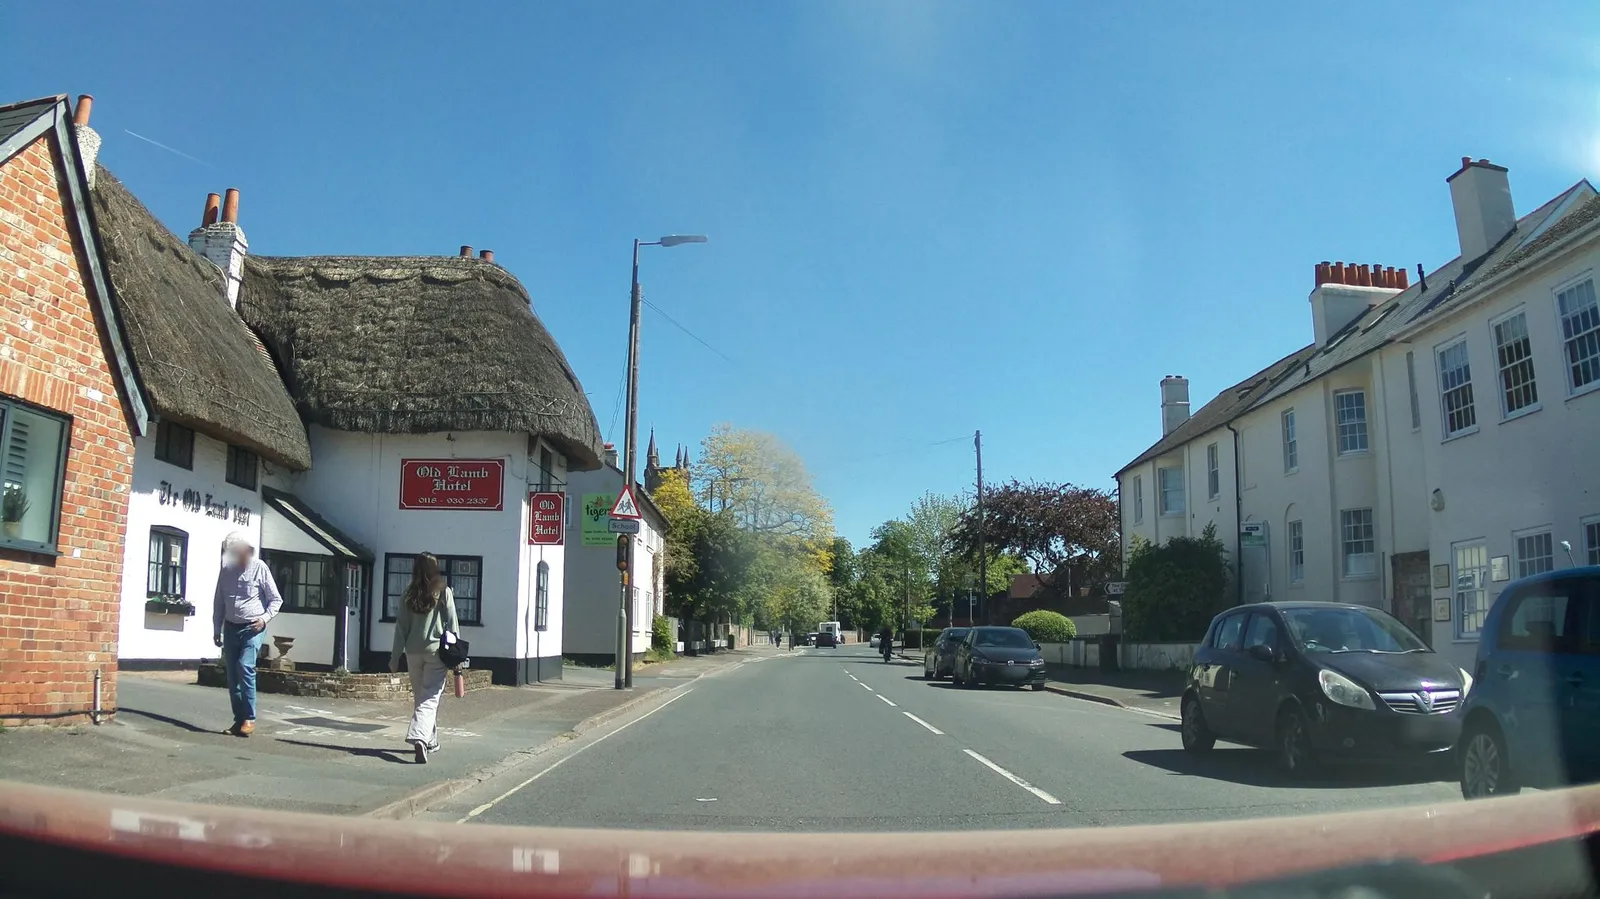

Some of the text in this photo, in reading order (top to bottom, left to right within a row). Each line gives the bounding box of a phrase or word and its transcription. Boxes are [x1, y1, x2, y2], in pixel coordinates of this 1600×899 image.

[416, 465, 489, 482] Old Lamb
[432, 478, 472, 494] Hotel
[183, 488, 201, 513] Old
[539, 499, 555, 510] Old
[534, 511, 560, 525] Lamb
[585, 504, 611, 522] tiger
[534, 525, 559, 538] Hotel

□ □ □ □

Set down the records again verbatim, with no pictures.

(Written solution):
Some of the text in this photo, in reading order (top to bottom, left to right within a row). Each line gives the bounding box of a phrase or word and its transcription. Boxes are [x1, y1, x2, y2], in pixel coordinates of this 1600×899 image.

[416, 465, 489, 482] Old Lamb
[432, 478, 472, 494] Hotel
[183, 488, 201, 513] Old
[539, 499, 555, 510] Old
[534, 511, 560, 525] Lamb
[585, 504, 611, 522] tiger
[534, 525, 559, 538] Hotel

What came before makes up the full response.